The skewed-perspective, distressed-concrete room is as uninviting as it is anonymous. As each character enters -- distressed suitcase, briefcase or hat box clutched in one hand -- the door slams shut with a bang, re-echoed with the finality of a loud metallic clang. The psychological dislocation of the immigrant takes on the physical form of a "No Exit" antechamber to the unknown in Darvag Theater's "Suitcase (Chaméda-n)" at Intersection for the Arts.
The experience is universal, but the particular immigrant group that inspired Farhad Ayeesh's drama, as the program explains, was "the Iranian community in exile" in the Bay Area in the 1980s.

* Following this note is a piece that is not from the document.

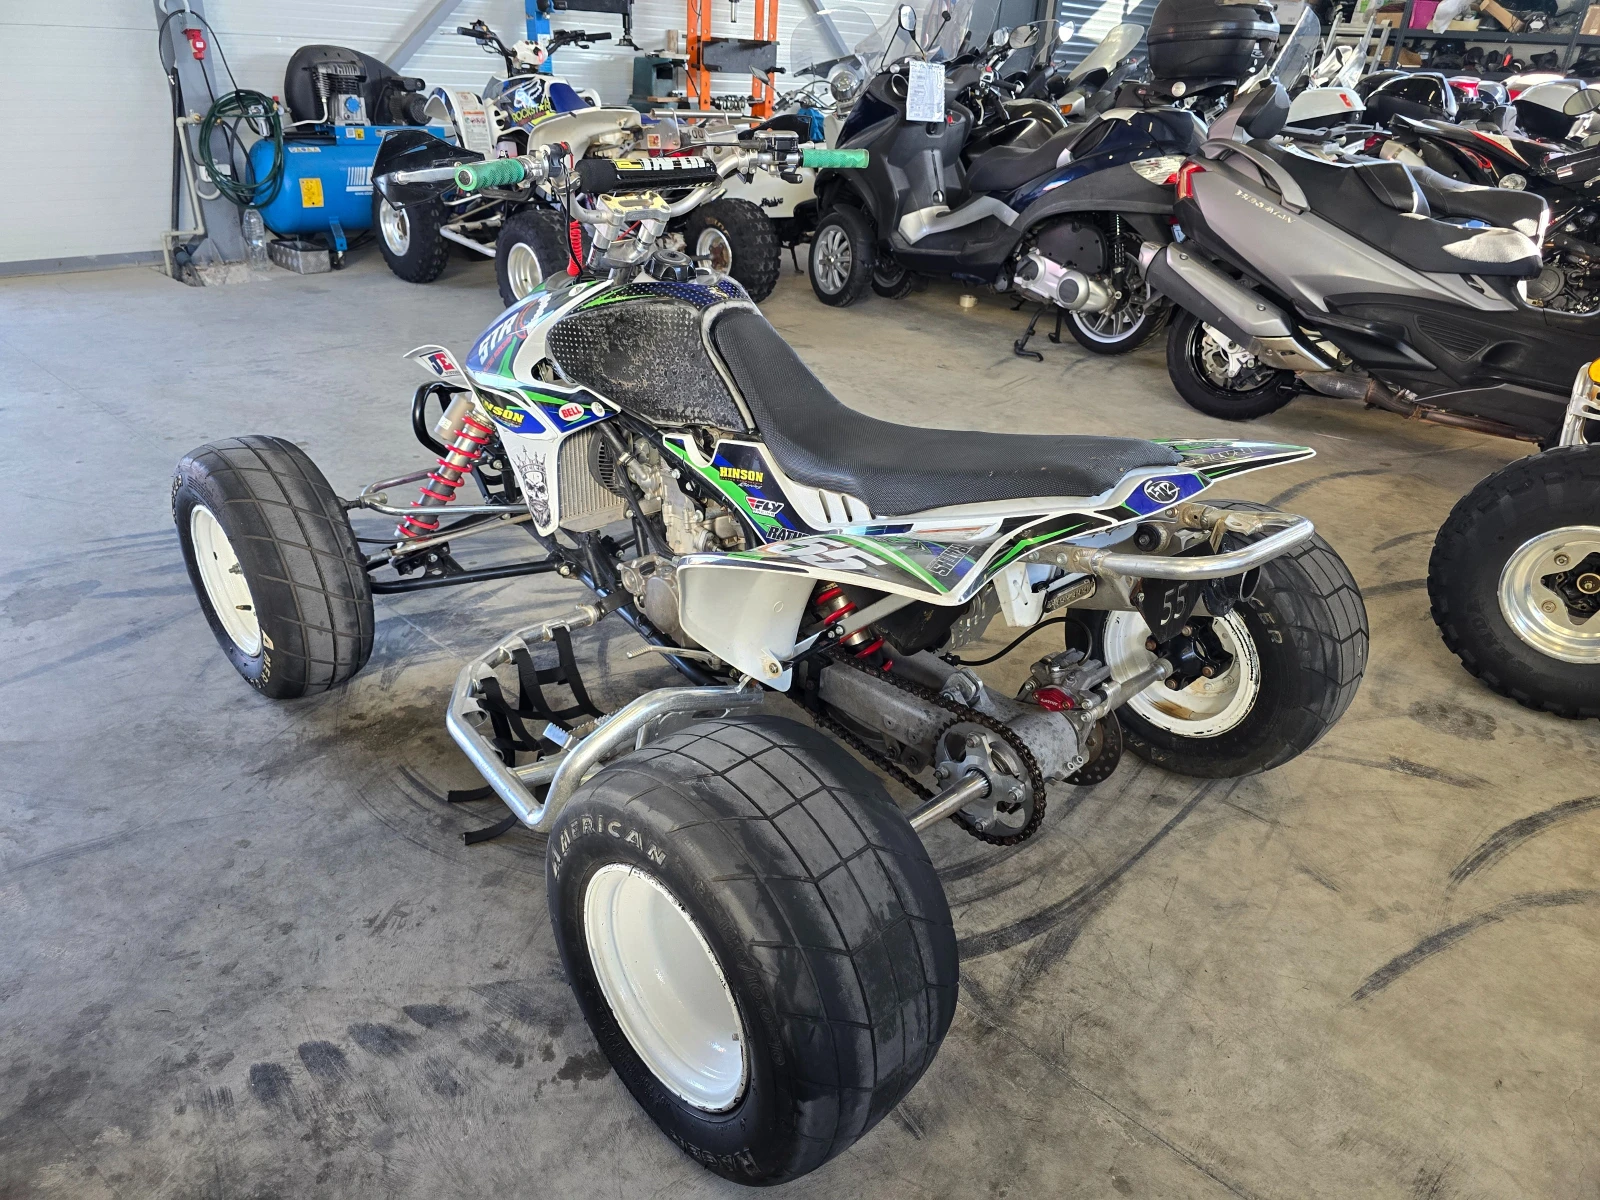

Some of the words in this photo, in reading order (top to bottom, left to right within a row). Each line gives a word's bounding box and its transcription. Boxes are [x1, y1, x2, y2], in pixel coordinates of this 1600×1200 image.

Ayeesh, who has since returned to Iran (where he works in theater, TV and film), wrote "Suitcase" in Farsi for the East Bay Iranian American Darvag company he helped found in 1985. One of the group's early signature works, it's being staged in English for the first time in co-founder Bella Warda's cryptic translation.
It's a generally intriguing show, at times comic, evocative or affecting. Despite the "No Exit" look of Ali Dadgar's set, Ayeesh's script is more influenced by Ionesco than Sartre. But "Suitcase" uses Ionesco's absurdism to illuminate the experience of being displaced.
With a multicultural cast of 14 and enhanced production values, it's also a fairly ambitious undertaking, presented in partnership with Golden Thread Productions and co-directed by Jim Cave (who designed the mood-enhancing lights) and Darvag's Mansour Taeed (founder of the Iranian American children's theater Javane). The size of the cast is significant. The first arrivals enter singly, confused, lost, warily circling each other. It's only as family units begin to arrive, and the stage fills with still-perplexed newcomers, that a loose, tentative community takes shape -- with enough cohesion to inform a man who shows up speaking a different language that he's in the wrong room.
All of the characters have generic names. Some display different degrees of dislocation, such as the Psychiatrist (Emlyn Guiney), who can't remember her diagnostic terms. Some cling desperately to their families, as do the Tailor (Steven Ortiz), his scarf-clutching wife (Mojdeh Molavi) and child-man son (Erick Casanova). Others -- a haughty Elegant Lady (Firouzeh Farah), arrogant Colonel (Kevin Wm. Meyer) and his class-conscious wife (Suha Araj) -- try hard to assert their old-country privileged status.
Mysterious drones in Azi Vajravai's sound design, or shifts in the lights, unsettle the immigrants. Casual interactions develop into subplots, cleverly staged so that they emerge subtly from the general confusion. Youthful curiosity evolves into tender romance and a perhaps problematic marriage between Casanova's confused Tailor's Son and a magnetic Sahar Hojat as the Colonel's Daughter. A little girl (Shapari Samimi and Tara Taeed at alternate performances) is the only one who notices the suitcases everyone else clutches, until the adults convince her that she's mistaken.
The cultural baggage is real, of course, sometimes interfering with the characters' attempts to bond, but always kept closed. In one particularly astute scene, the wedding guests try fruitlessly to move or clap along to traditional Iranian music, their bodies only coming alive to the strains of a Mexican wedding tune.
Apart from that, though -- and Ortiz's energetic mime of the legend of the ancient Persian warrior Rostam -- there are few specific cultural references in "Suitcase." The drama is as universal as the immigrant experience that continues to define this country. Ayeesh's use of absurdism may be a bit schematic, and too obvious in his final depiction of the unifying role of the artist. But his "Suitcase" is pretty well packed.